En réaction au franc fort, certains horlogers ont brisé une sorte de tabou en baissant leurs prix de vente, notamment en Suisse. La marque en mains de LVMH s’y refuse. Elle prend sur elle et préfère relever les prix en Europe, explique l’ancien patron de TAG Heuer, à la tête de Bulgari depuis juin 2013

Vingt mois après sa prise de fonction à la tête de Bulgari, Jean-Christophe Babin a profité de l’un de ses nombreux déplacements entre Rome, où siège la marque, et Neuchâtel, pour recevoir Le Temps. C’est ici qu’est regroupée la direction de la division horlogère et que sont stockés les montres et les bijoux prêts à être envoyés dans les centaines de points de vente à travers le monde.
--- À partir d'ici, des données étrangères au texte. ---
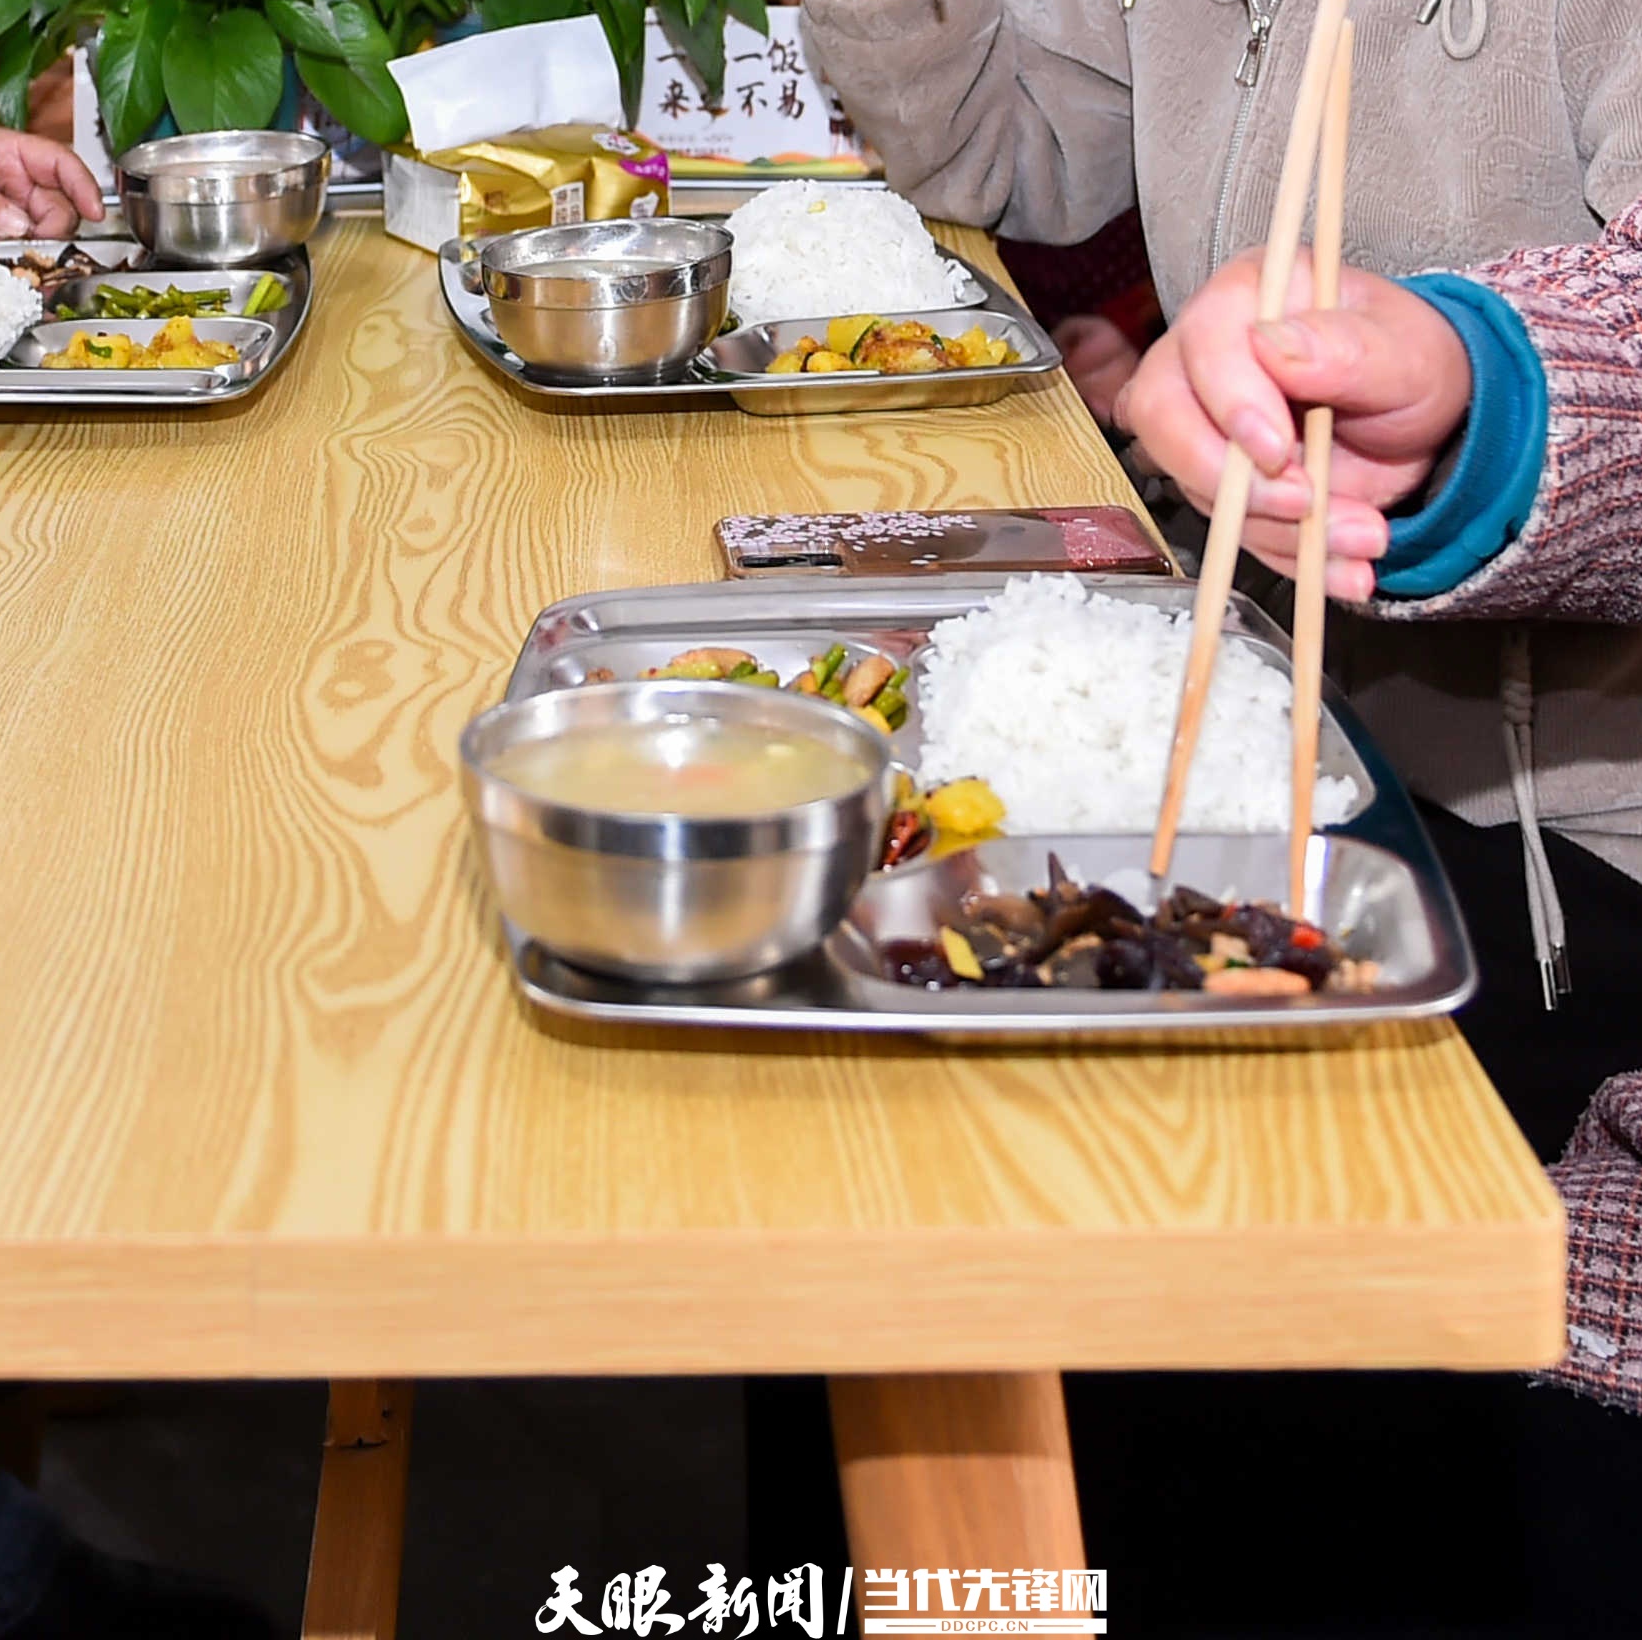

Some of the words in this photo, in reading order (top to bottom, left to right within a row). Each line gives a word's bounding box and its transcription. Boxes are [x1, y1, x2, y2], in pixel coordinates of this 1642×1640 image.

[657, 39, 805, 75] 一一饭
[659, 79, 805, 120] 来不易
Le Temps: Comment s’est déroulée l’année 2014?

Jean-Christophe Babin: Je ne puis vous donner de détails pour la marque mais, lors de la publication des résultats du groupe LVMH, notre président, Bernard Arnault, a souligné nos «très bons résultats». Lorsqu’il utilise ces termes, ce n’est en général pas usurpé. «Très bons», cela signifie que nous avons progressé plus vite que le marché, que nous en avons gagné des parts dans un univers très concurrentiel. Notre croissance s’est inscrite à deux chiffres.

– Qu’est-ce qui différencie TAG Heuer, votre ancien employeur, de Bulgari?

– L’une est suisse et s’est toujours distinguée par la précision de ses montres. L’autre est italienne, elle a apporté cette part de design italien à l’horlogerie suisse. Mais ces deux marques ont aussi des points communs, elles ont toujours fait preuve d’audace dans leurs innovations.

– La clientèle cible semble bien différente.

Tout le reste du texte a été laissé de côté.